• **What the task requires**:
Copy every record verbatim but exclude the pictures.

Saved data entries:
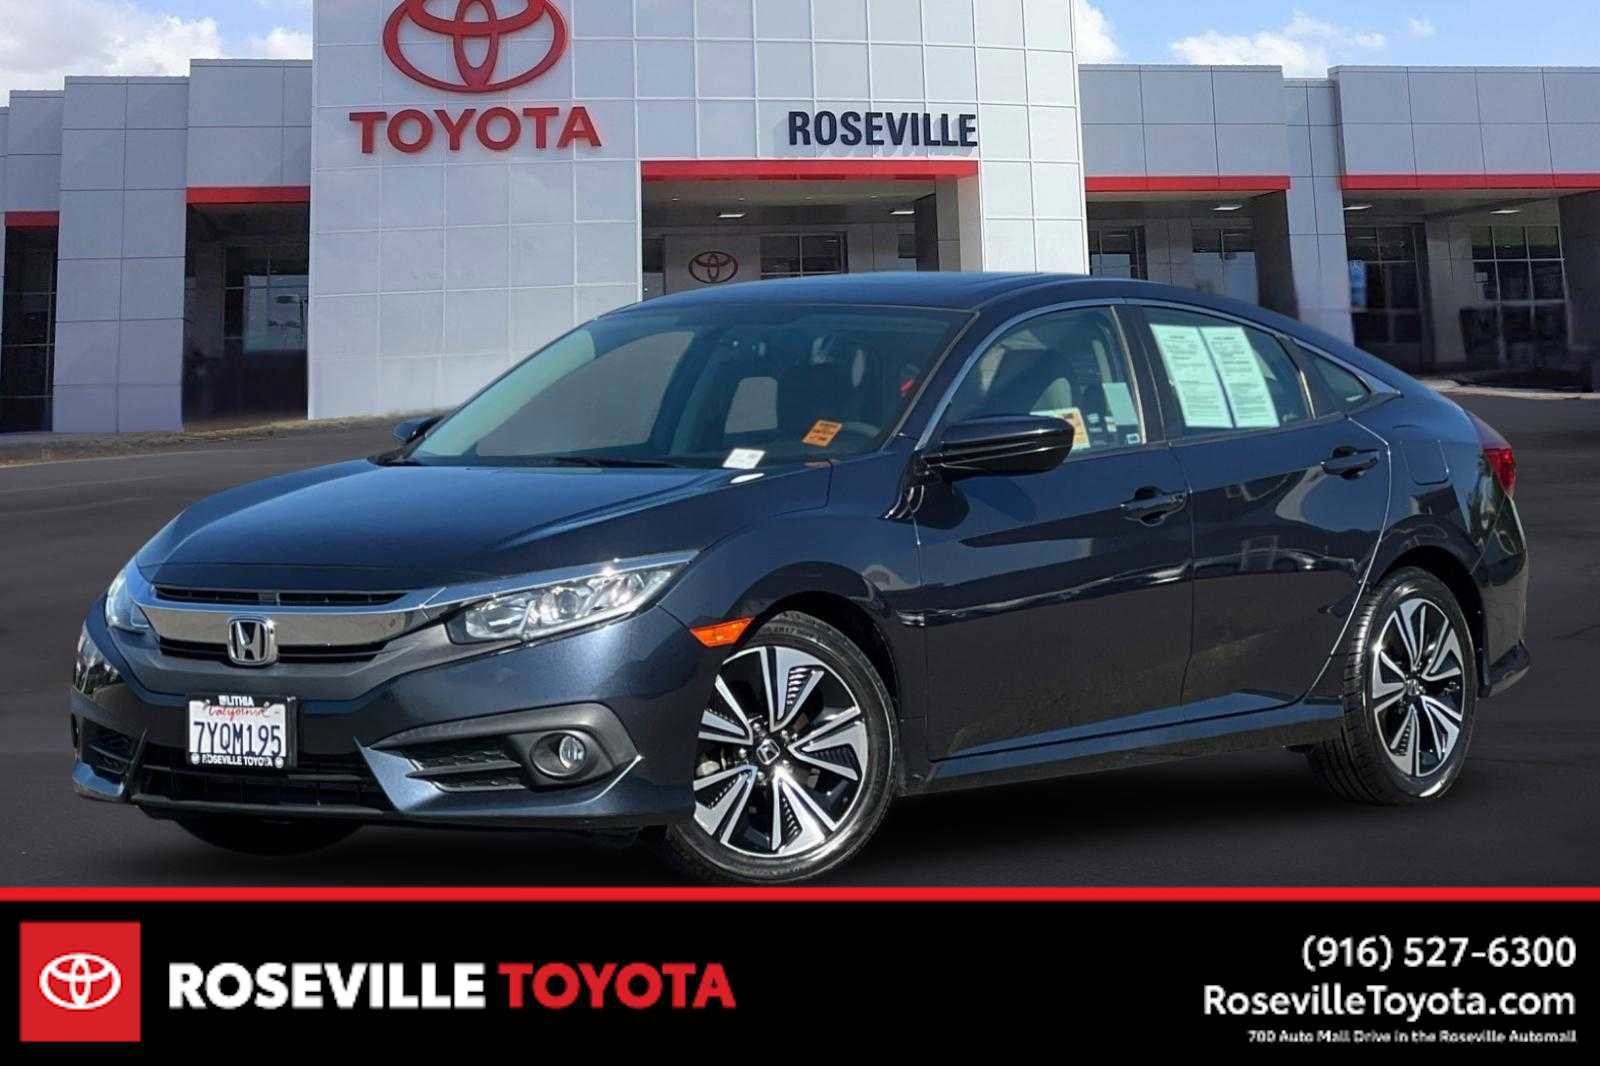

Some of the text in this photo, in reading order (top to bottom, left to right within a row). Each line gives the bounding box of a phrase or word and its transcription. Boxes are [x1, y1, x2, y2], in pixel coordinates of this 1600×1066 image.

[349, 105, 602, 155] TOYOTA
[789, 110, 979, 147] ROSEVILLE
[193, 721, 282, 758] 7YQM195
[201, 754, 273, 767] ROSEVILLE TOYOTA

• **Written response**:
Some of the text in this photo, in reading order (top to bottom, left to right within a row). Each line gives the bounding box of a phrase or word and its transcription. Boxes are [x1, y1, x2, y2], in pixel coordinates of this 1600×1066 image.

[349, 105, 602, 155] TOYOTA
[789, 110, 979, 147] ROSEVILLE
[193, 721, 282, 758] 7YQM195
[201, 754, 273, 767] ROSEVILLE TOYOTA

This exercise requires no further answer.